US President Donald Trump launched a tariff blitz in April that rocked financial markets and raised concerns about an economic slump, which in turn would slow oil demand.
While a 10-percent tariff on US imports from nearly every nation remains in place, Trump has paused higher levies on major trading partners to give space for negotiations.
The Paris-based IEA, which advises developed countries on energy policy, said it now expected the world economy to perform better than previously thought as the "tariff supply shock" appears less severe.
"Subsequent pauses, concessions, exemptions and negotiations are likely to attenuate the levies' permanence and economic impact," the IEA said in its monthly oil market report.
"Still, policy uncertainty is high, weighing on consumer and business sentiment," it said.
Oil prices sank last month following Trump's tariffs barrage and a surprise decision by OPEC+ countries to sharply hike production.

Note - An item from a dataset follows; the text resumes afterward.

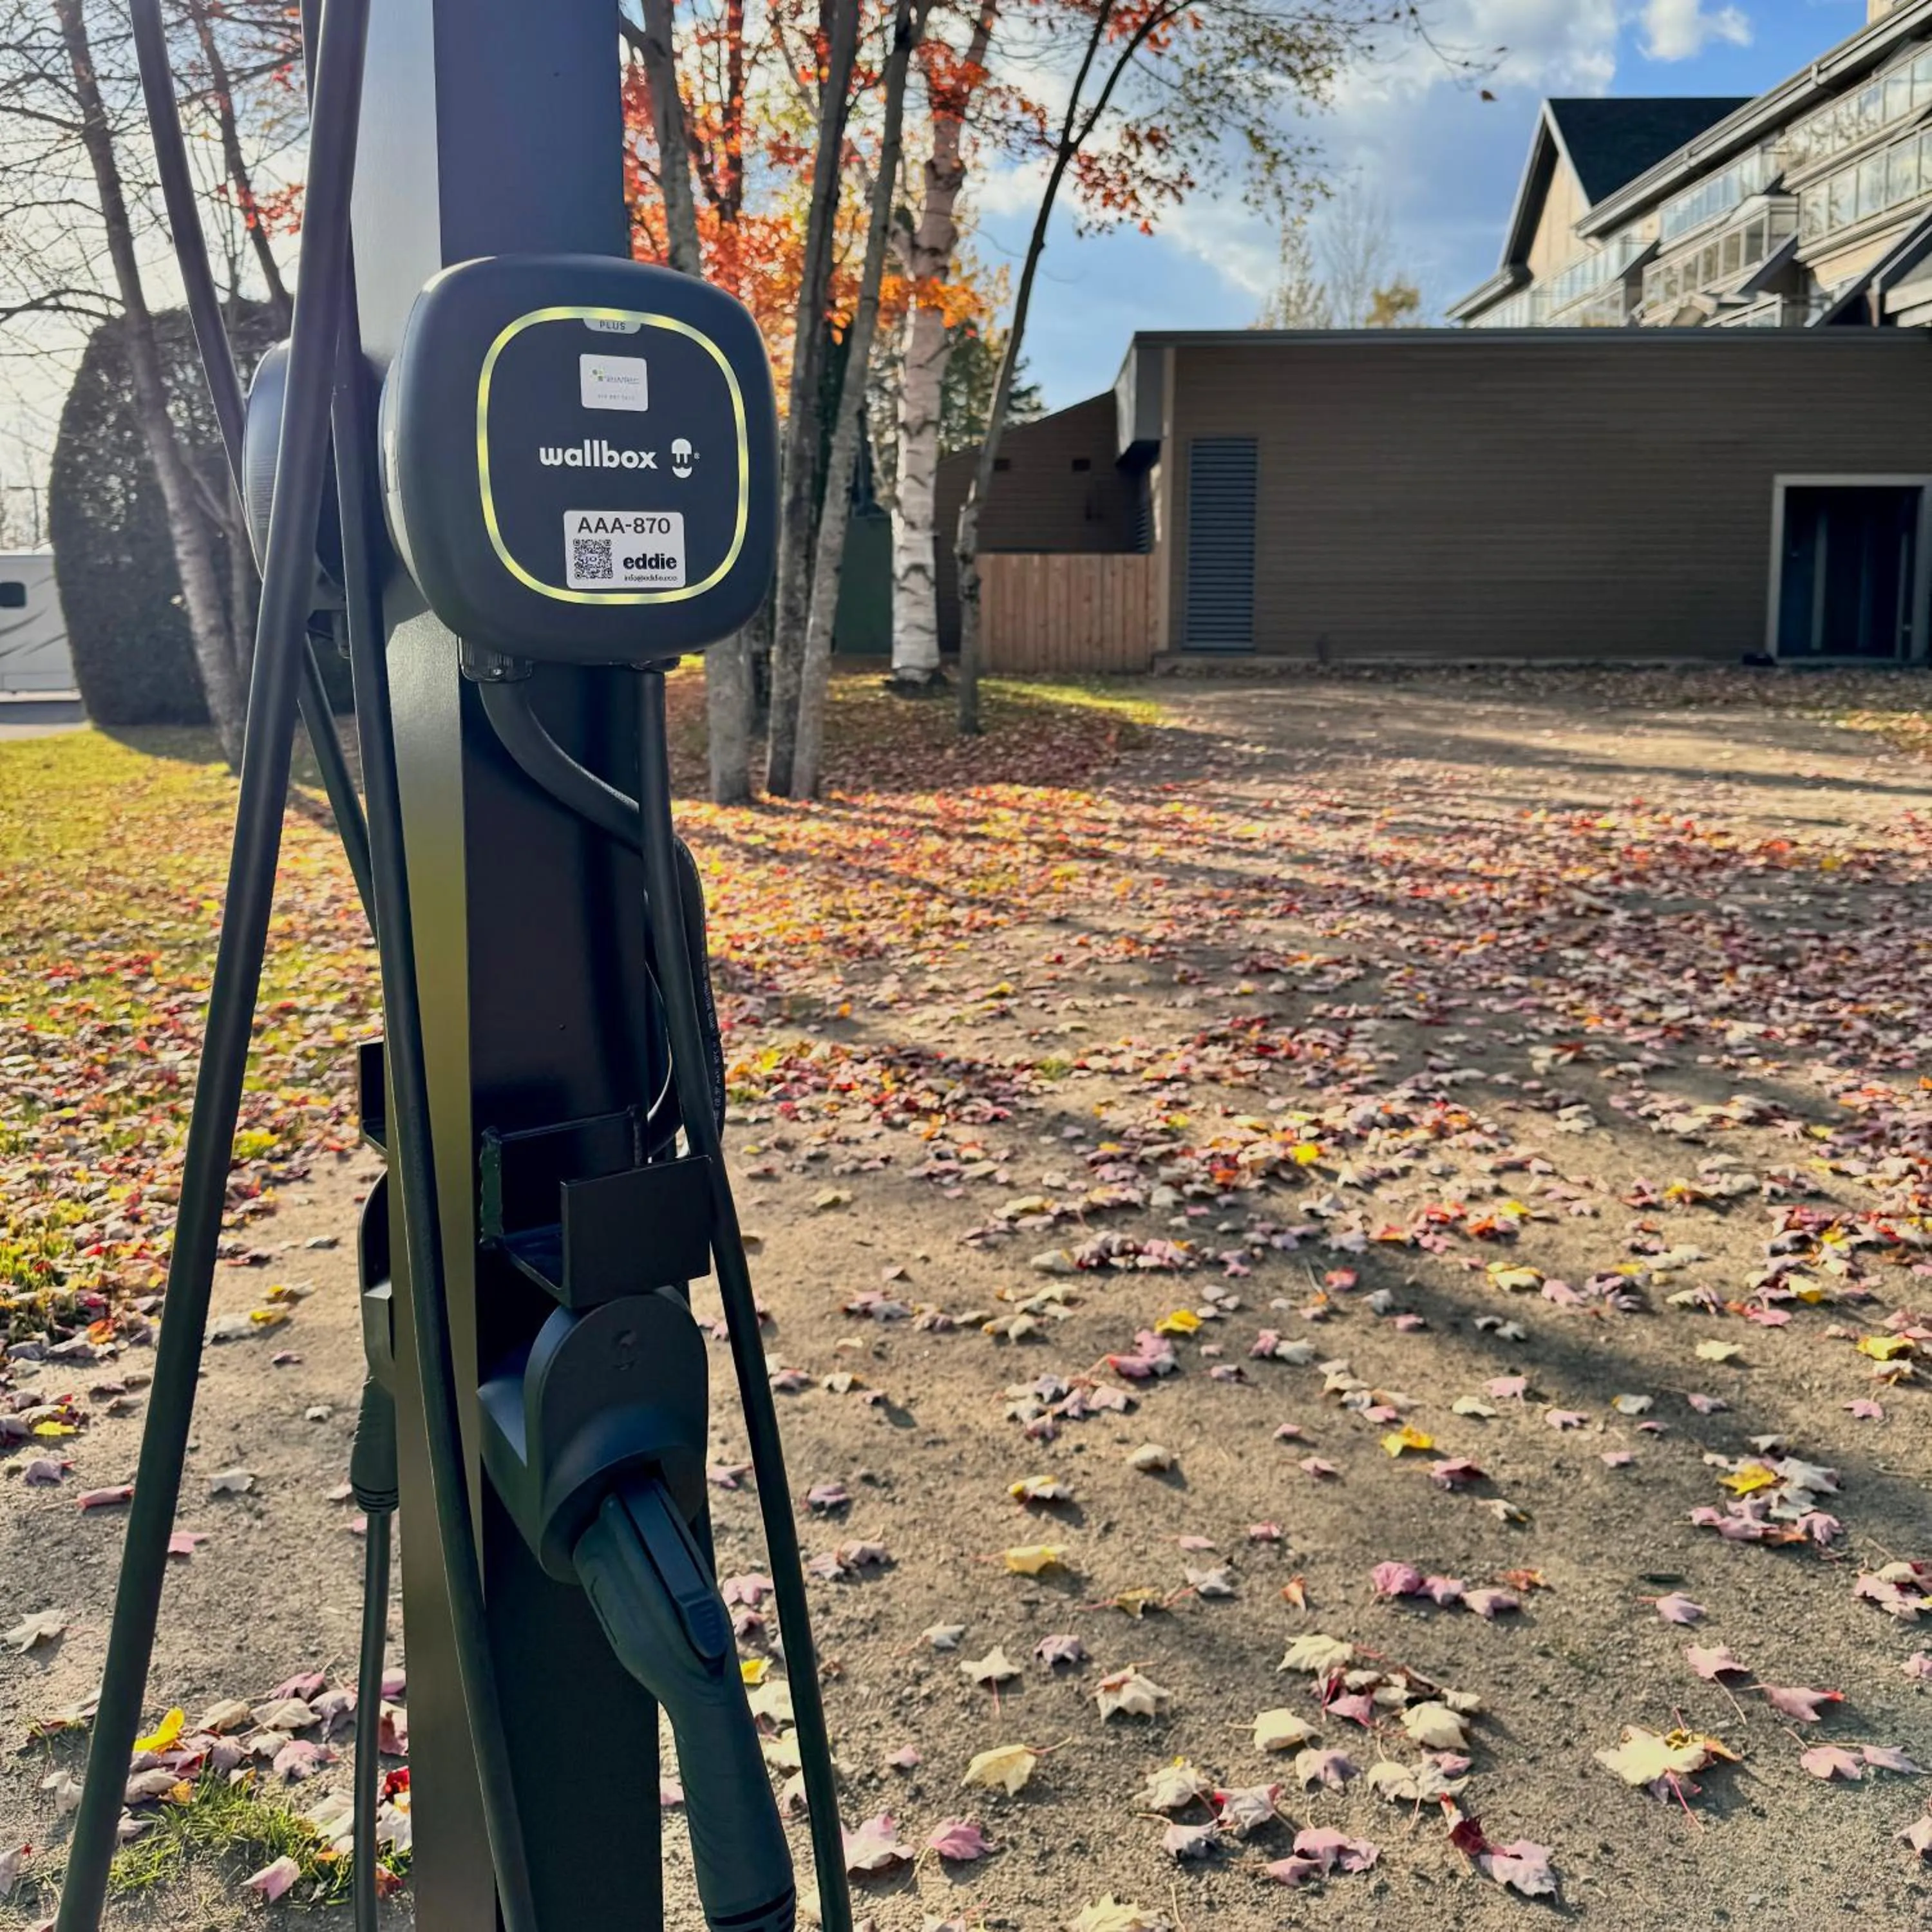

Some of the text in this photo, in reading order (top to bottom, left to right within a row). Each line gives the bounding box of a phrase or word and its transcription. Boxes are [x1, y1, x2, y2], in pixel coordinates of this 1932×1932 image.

"Falling oil prices are set to boost consumption," the IEA said.
On average, oil demand is expected to grow by 740,000 barrels per day this year, up from 730,000 bpd in the IEA's April market report.
The agency said demand growth reached 990,000 barrels per day (bpd) in the first three months of this year but was projected to slow to 650,000 bpd over the rest of the year due to "economic headwinds" and record electric car sales.
In total, oil demand is expected to reach 103.9 million bpd in 2025.